→ **Problem to work on**
Lines from the one containing "Some of the words" through the last line of the records below are to be repeated exactly.

■ ■ ■ ■

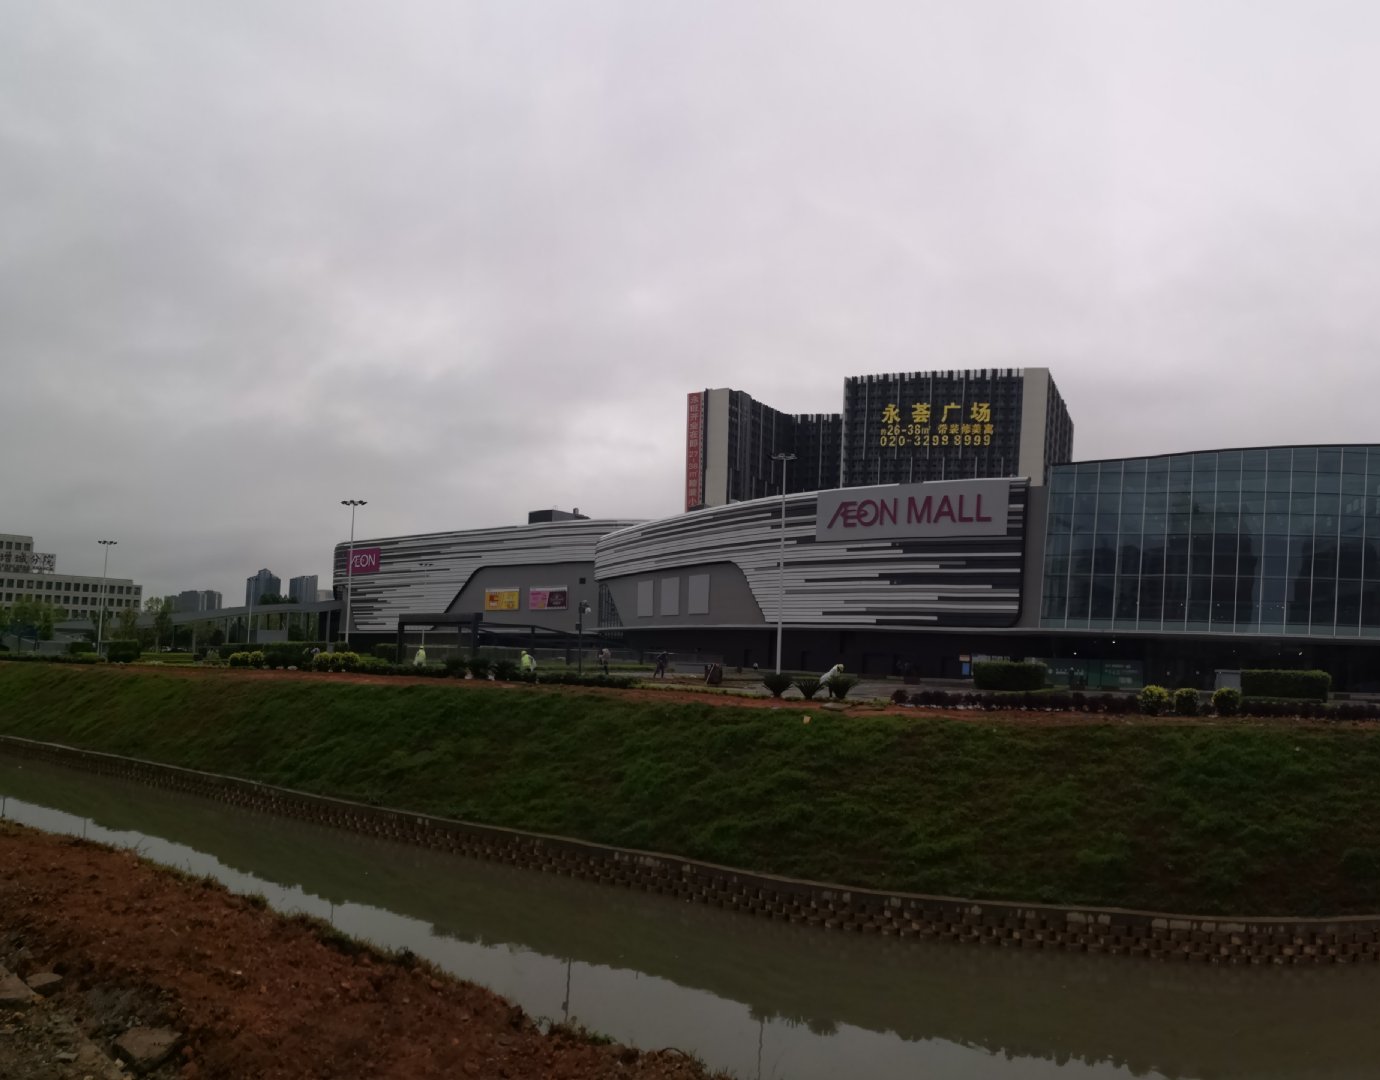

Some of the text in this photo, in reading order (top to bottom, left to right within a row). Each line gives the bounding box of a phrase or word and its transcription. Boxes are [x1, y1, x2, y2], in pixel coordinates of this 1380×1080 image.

[881, 402, 991, 424] 永荟广场
[906, 493, 992, 524] MALL
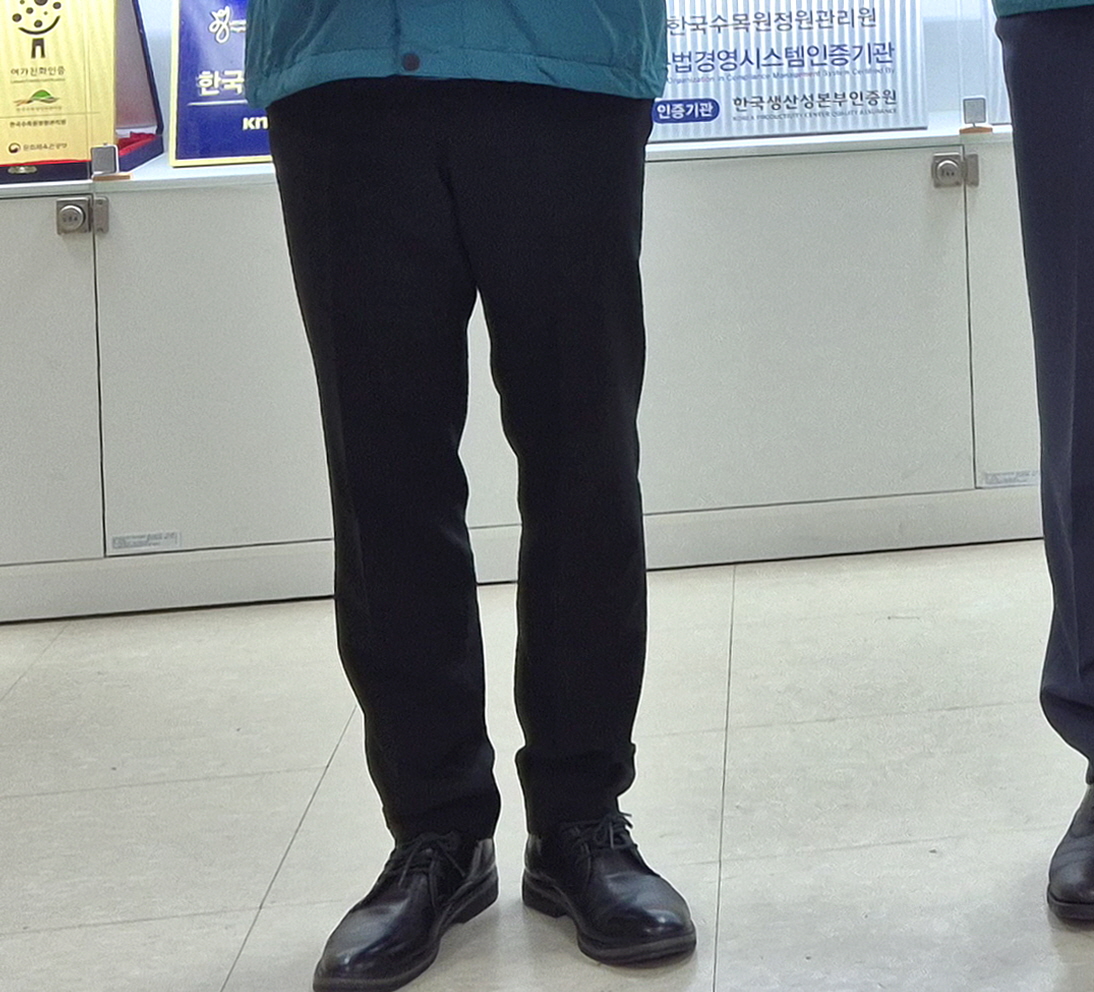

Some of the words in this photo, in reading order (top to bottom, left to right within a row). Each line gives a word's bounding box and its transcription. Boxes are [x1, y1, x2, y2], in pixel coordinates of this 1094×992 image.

[667, 7, 877, 36] 한국수목원정원관리원
[667, 41, 896, 74] 법경영시스템인증기관
[197, 70, 246, 97] 한국
[656, 102, 714, 121] 인증기관
[732, 88, 897, 112] 한국생산성본부인증원

■ ■ ■ ■

→ **Exercise output**
Some of the words in this photo, in reading order (top to bottom, left to right within a row). Each line gives a word's bounding box and its transcription. Boxes are [x1, y1, x2, y2], in pixel coordinates of this 1094×992 image.

[667, 7, 877, 36] 한국수목원정원관리원
[667, 41, 896, 74] 법경영시스템인증기관
[197, 70, 246, 97] 한국
[656, 102, 714, 121] 인증기관
[732, 88, 897, 112] 한국생산성본부인증원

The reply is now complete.